RCMNet: A deep learning model assists CAR-T therapy for leukemia
Ruitao Zhang, Xueying Han, Ijaz Gul, Shiyao Zhai, Ying Liu, Yongbing, Zhang, Yuhan Dong, Lan Ma, Dongmei Yu, Jin Zhou, Peiwu Qin

TL;DR
This paper introduces RCMNet, a deep learning model combining CNN and Transformer, to improve the identification of CAR-T cells in leukemia treatment, achieving high accuracy on public and clinical datasets.
Contribution
The study presents a novel integrated deep learning model, RCMNet, that enhances CAR-T cell identification accuracy for leukemia therapy applications.
Findings
RCMNet achieves 99.63% accuracy on public dataset.
Transfer learning improves accuracy to 83.36% on clinical dataset.
Model outperforms previous state-of-the-art methods.
Abstract
Acute leukemia is a type of blood cancer with a high mortality rate.
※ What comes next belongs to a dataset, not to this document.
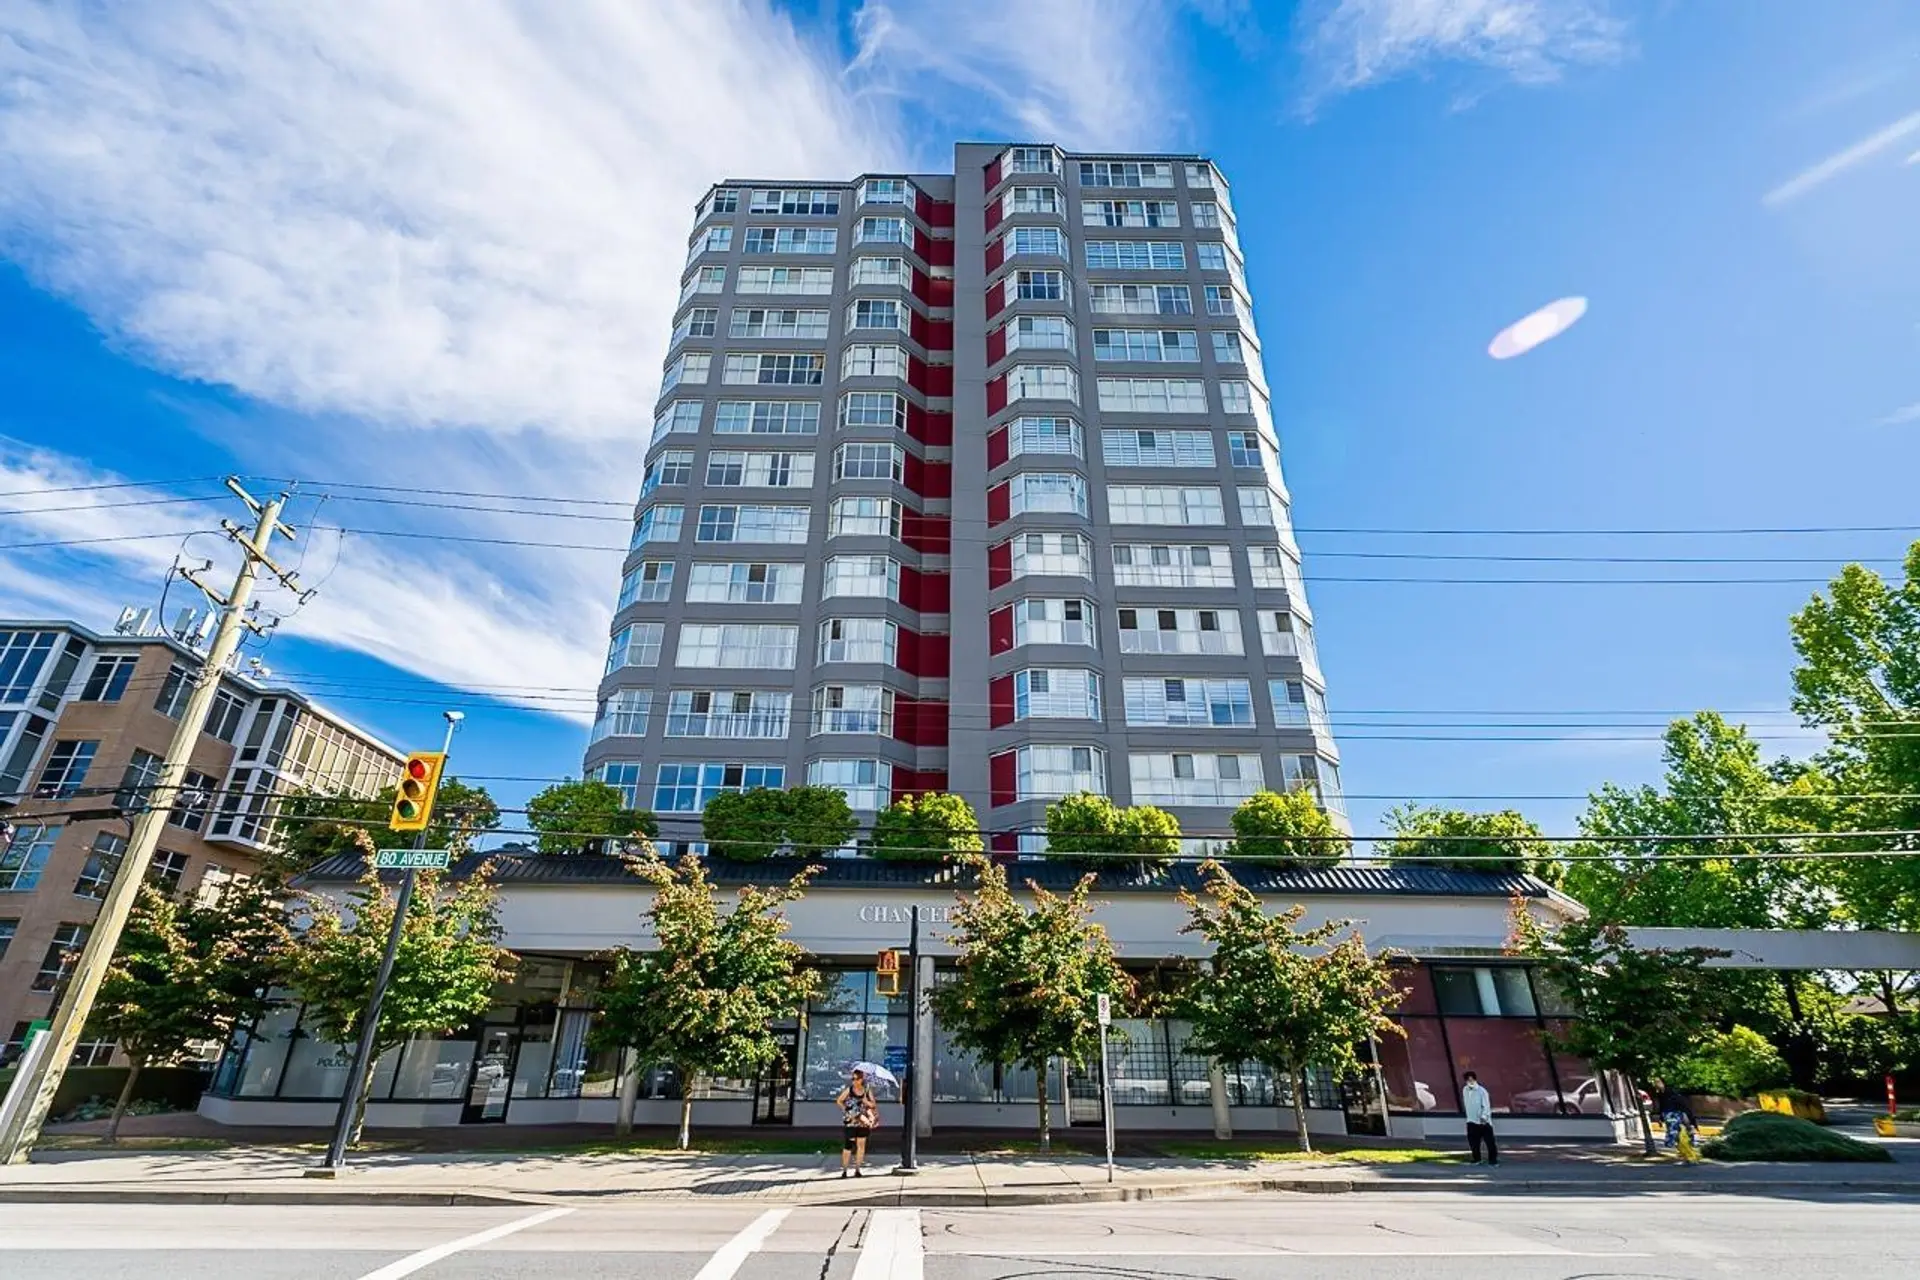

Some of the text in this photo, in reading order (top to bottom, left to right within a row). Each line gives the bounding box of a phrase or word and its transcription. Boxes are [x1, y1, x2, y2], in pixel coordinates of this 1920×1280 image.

[380, 852, 445, 866] 80 AVENUE
[860, 905, 961, 922] CHANCEL
Current therapeutic methods include bone marrow transplantation, supportive therapy, and chemotherapy. Although a satisfactory remission of the disease can be achieved, the risk of recurrence is still high. Therefore, novel treatments are demanding. Chimeric antigen receptor-T (CAR-T) therapy has emerged as a promising approach to treat and cure acute leukemia. To harness the therapeutic potential of CAR-T cell therapy for blood diseases, reliable cell morphological identification is crucial. Nevertheless, the identification of CAR-T cells is a big challenge posed by their phenotypic similarity with other blood cells. To address this substantial clinical challenge, herein we first construct a CAR-T dataset with 500 original microscopy images after staining. Following that, we create a novel integrated model called…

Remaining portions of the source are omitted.